– Sí, sosakan-sama -dijo Hirata, y luego observó cómo Sano se alejaba a grupas de su caballo. Pero no estaba bien, y no lo estaría hasta que recuperara la confianza de Sano. De camino al muelle Daikon, decidió que el único modo de conseguirlo era descubrir la prueba que identificara de una vez por todas al asesino de la dama Harume.
Unas cuantas horas de pesquisas por la zona circundante al lugar del asesinato de Choyei mermaron las esperanzas de salvación de Hirata.
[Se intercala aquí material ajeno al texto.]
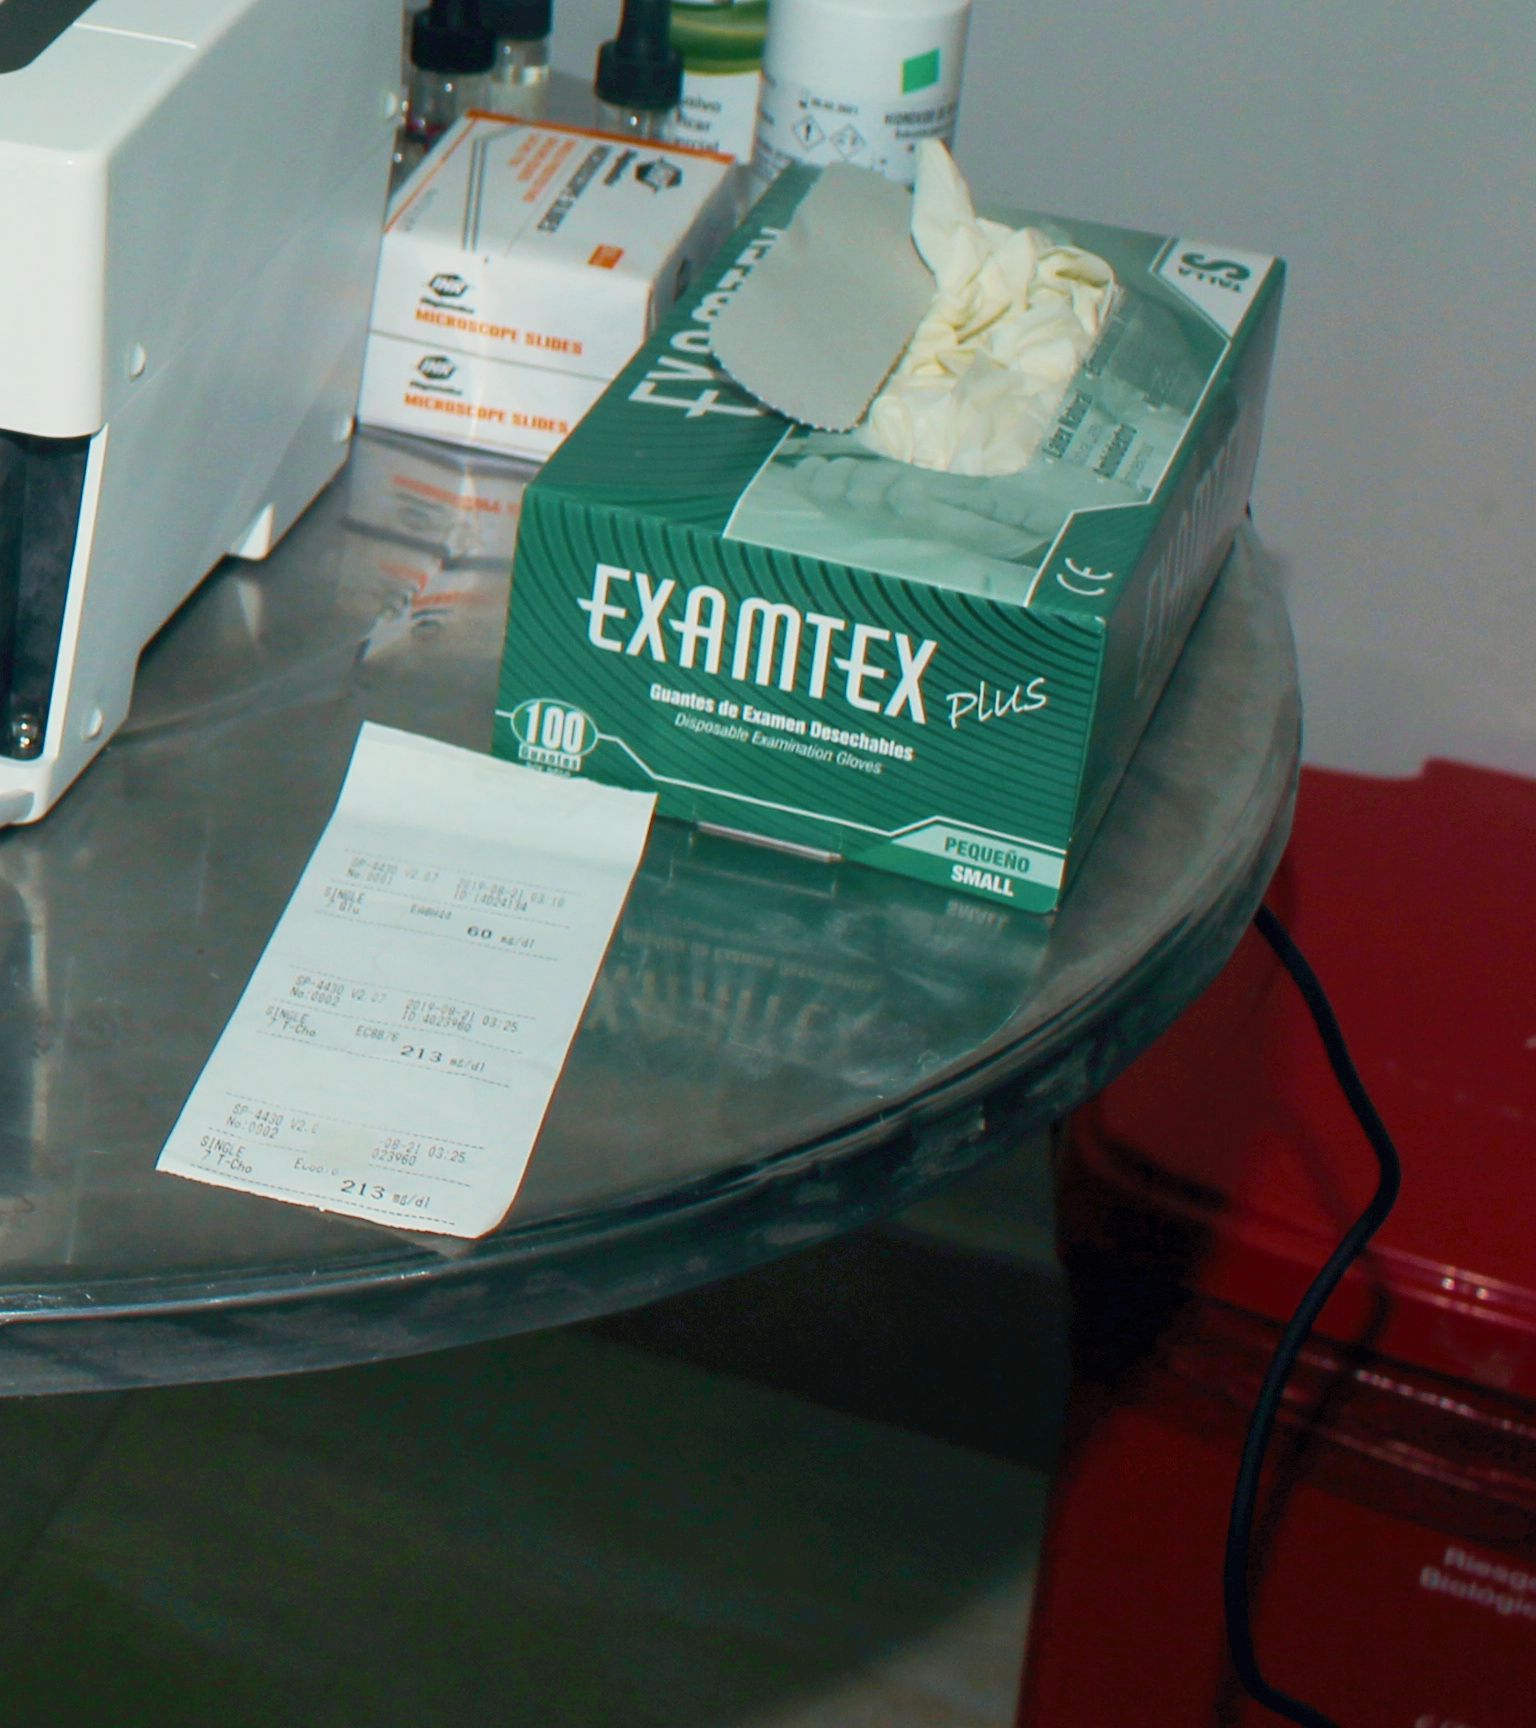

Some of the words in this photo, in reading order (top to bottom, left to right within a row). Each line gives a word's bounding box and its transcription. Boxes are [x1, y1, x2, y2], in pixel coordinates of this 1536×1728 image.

[415, 308, 519, 343] MICROSCOPE
[525, 333, 584, 356] SLIDES
[404, 393, 507, 425] MICROSCOPE
[512, 412, 569, 435] SLIDES
[577, 563, 938, 726] EXAMTEX
[525, 700, 586, 754] 100
[649, 682, 715, 715] Guantes
[718, 699, 739, 720] de
[742, 707, 809, 735] Examen
[809, 719, 916, 763] Desechables
[675, 711, 749, 743] Disposable
[751, 729, 833, 762] Examination
[836, 749, 884, 775] Gloves
[944, 835, 1031, 874] PEQUEÑO
[324, 885, 366, 905] SINGLE
[951, 864, 1015, 898] SMALL
[467, 925, 493, 940] 60
[265, 1005, 310, 1024] SINGLE
[294, 974, 346, 995] SP-4430
[404, 998, 477, 1022] 2019-08-21
[481, 1014, 519, 1034] 03:25
[281, 1021, 317, 1038] T-Cho
[400, 1044, 444, 1064] 213
[199, 1135, 247, 1158] SINGLE
[226, 1115, 280, 1140] No:0002
[428, 1145, 467, 1164] 03:25
[217, 1152, 254, 1174] T-Cho
[340, 1178, 387, 1200] 213
[393, 1192, 431, 1209] mg/dl
Las habitaciones de las casas de inquilinos vecinas pertenecían a varones solteros -estibadores y peones- que estaban en el trabajo cuando Hirata llamó a sus puertas y probablemente habían estado ausentes también durante el asesinato. Por tanto, el asesino de Choyei se había escabullido por las callejuelas sin que nadie lo viera. No tuvo mejor suerte en el cercano barrio comercial. Preguntó a gente que recordaba haber visto a muchos hombres con capa y capucha el día anterior, por el frío que hacía. El asesino se había confundido entre la muchedumbre con facilidad. Para el mediodía, Hirata estaba cansado, desanimado y hambriento. Sobre una renglera de escaparates que salía del muelle, vio un cartel que anunciaba anguila fresca. Entró en el local para fortalecer cuerpo y espíritu.
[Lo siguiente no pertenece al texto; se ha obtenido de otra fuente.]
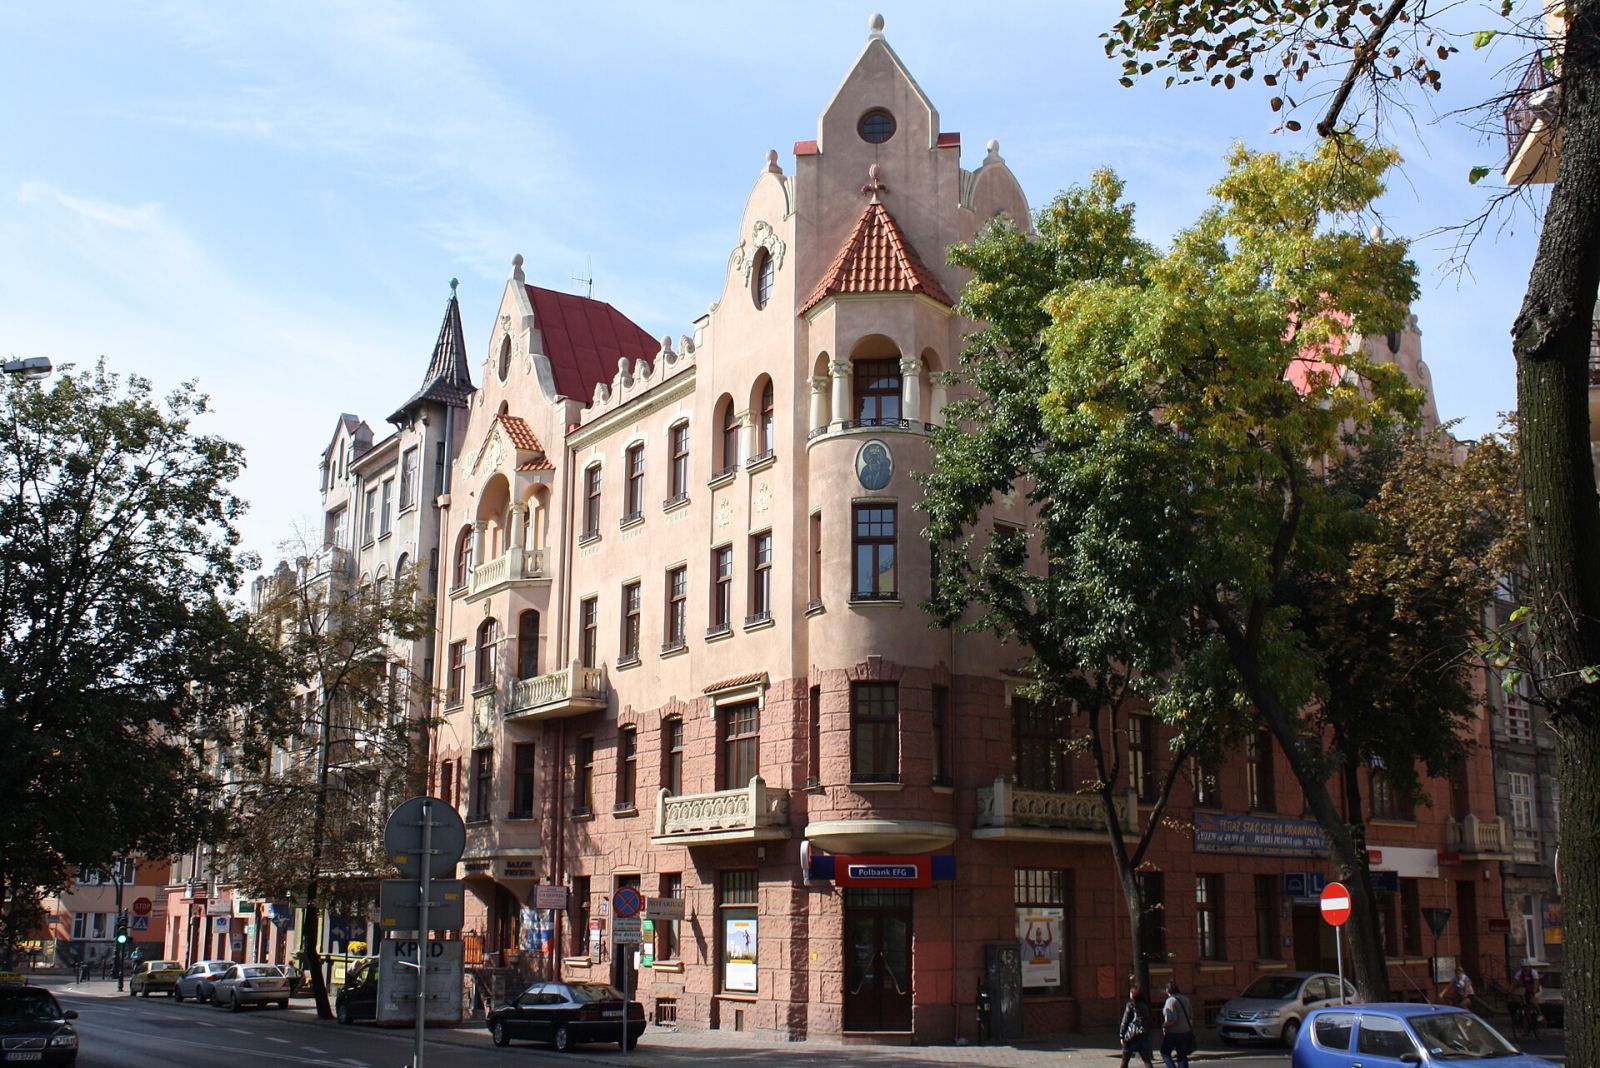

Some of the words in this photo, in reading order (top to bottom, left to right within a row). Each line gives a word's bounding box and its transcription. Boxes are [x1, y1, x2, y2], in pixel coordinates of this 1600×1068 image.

[858, 868, 891, 876] Polbank
[892, 868, 907, 876] EFG
[134, 903, 151, 912] STOP
El pequeño comedor que había nada más entrar estaba hasta los topes de parroquianos sentados en el suelo que engullían, sus platos palillos en mano. En la cocina del fondo humeaban enormes ollas de arroz. Los cocineros estampaban a las escurridizas anguilas en sus tablas de madera, las rajaban de las agallas a la cola, les cortaban la cabeza y les sacaban las espinas. Las largas tiras de carne, ensartadas en pinchos de bambú y rociadas con salsa de soja y sake dulce, se asaban sobre el fuego. Las nubes de humo sabroso estimularon el apetito de Hirata y le provocaron una aguda punzada de nostalgia. El restaurante le recordaba a los establecimientos que había frecuentado en sus felices tiempos de doshin. Qué confianza tenía en aquel entonces; ¿cómo iba a saber que su carrera se iría al traste por la traición de una mujer?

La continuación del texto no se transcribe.